Nedbank Corporate Property Finance said on Wednesday that it had extended its asset base into property investment development fund, Pivotal Property Fund with a R150 million investment.

The investment saw Nedbank acquire 12 000 ordinary shares, giving the bank a 15% shareholding in the Fund.

The shares were part of a new issue by Pivotal Property Fund aimed at raising funds to acquire a 40% undivided share in  Cradlestone Mall, the new 76 000m2  regional shopping centre in Mogale City, north west of Johannesburg, that was opened on Wednesday 20 November.

According to Ken Reynolds, Regional Executive of Nedbank Corporate Property Finance in Gauteng, the R150 million investment forms part of the bank’s commitment to support, and participate in, the growth of South Africa’s promising listed property sector.

“Despite a relatively muted 2013 for most of South Africa’s property sectors, property funds have generally continued to go from strength to strength, and Pivotal Property Fund is no exception, with its enviable property portfolio making it a highly appealing investment opportunity,” Reynolds explains.

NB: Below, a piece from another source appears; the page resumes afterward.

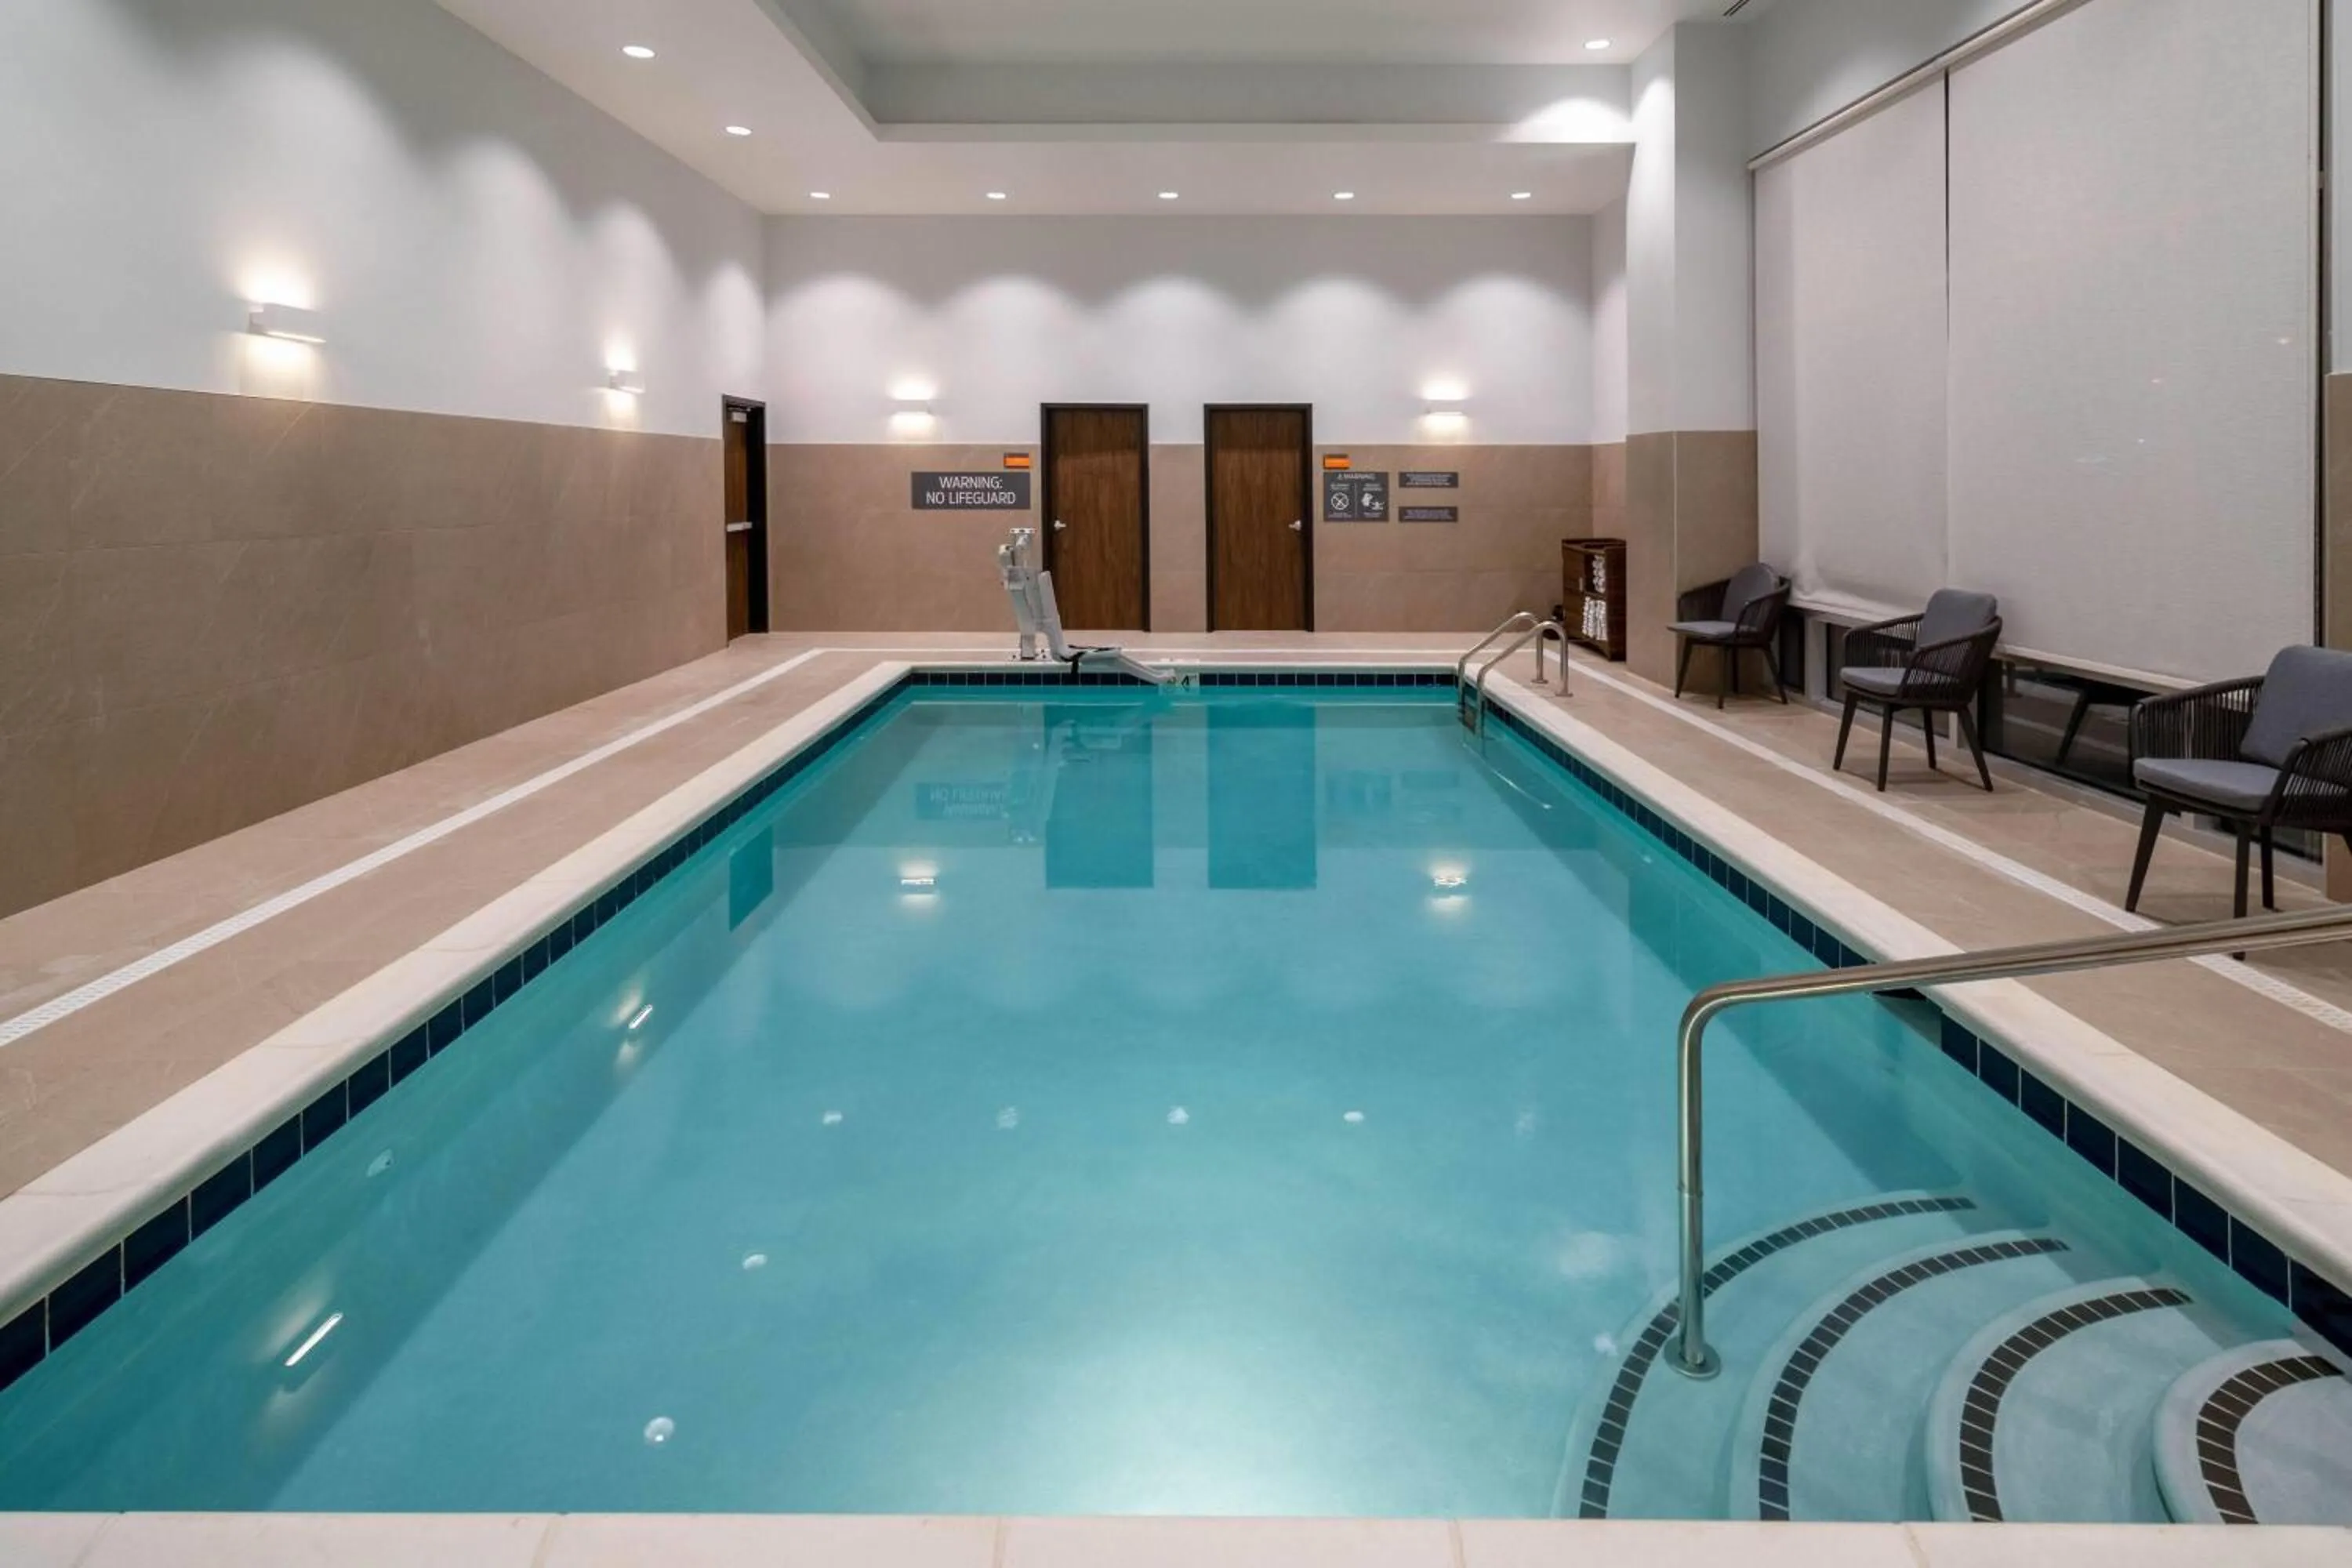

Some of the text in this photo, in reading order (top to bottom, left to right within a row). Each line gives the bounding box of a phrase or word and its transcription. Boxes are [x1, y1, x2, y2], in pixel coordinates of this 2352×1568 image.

[938, 476, 1004, 489] WARNING:
[926, 492, 1017, 504] NO LIFEGUARD

Reynolds also points to the reason behind the additional shares made available by Pivotal as a key reason why Nedbank chose to invest in the fund. “The fact that Pivotal used the money it raised from the share issue to acquire Cradlestone Mall demonstrates that it shares Nedbank Corporate Property Finance’s optimism about, and commitment to, the SA property sector as a whole, and any such efforts to expand its already excellent commercial and retail property portfolio should build Pivotal’s capacity to continue to increase the returns it has thus far provided its investors well into the future,” he says.

According to Reynolds, the Fund’s recent decision to include dividend distributions along with its historic capital growth value proposition to clients is further evidence of the excellent growth and steady evolution of this increasingly important roleplayer on the SA property fund landscape.

“Pivotal’s stated intention to steadily increase its property portfolio through direct acquisitions combined with direct participation in greenfields developments means the fund affords Nedbank a unique opportunity to further extend its established competitive advantage, which we will, in turn, leverage to the advantage of our current and future clients.”

“In addition to its diversified portfolio and quality underlying assets, Pivotal boasts a very reputable executive management team, a strong asset pipeline, and a well diversified portfolio, all of which is perfectly rounded off as a compelling investment opportunity by the fund’s stated intention to list as a REIT within the next five years.”

Nedbank Corporate Property Finance was voted the best Property Finance bank in the 2013 PricewaterhouseCoopers (PwC) South African Banking Survey.

The South African banking survey by PricewaterhouseCoopers indicates the continual importance of retail markets to the banks.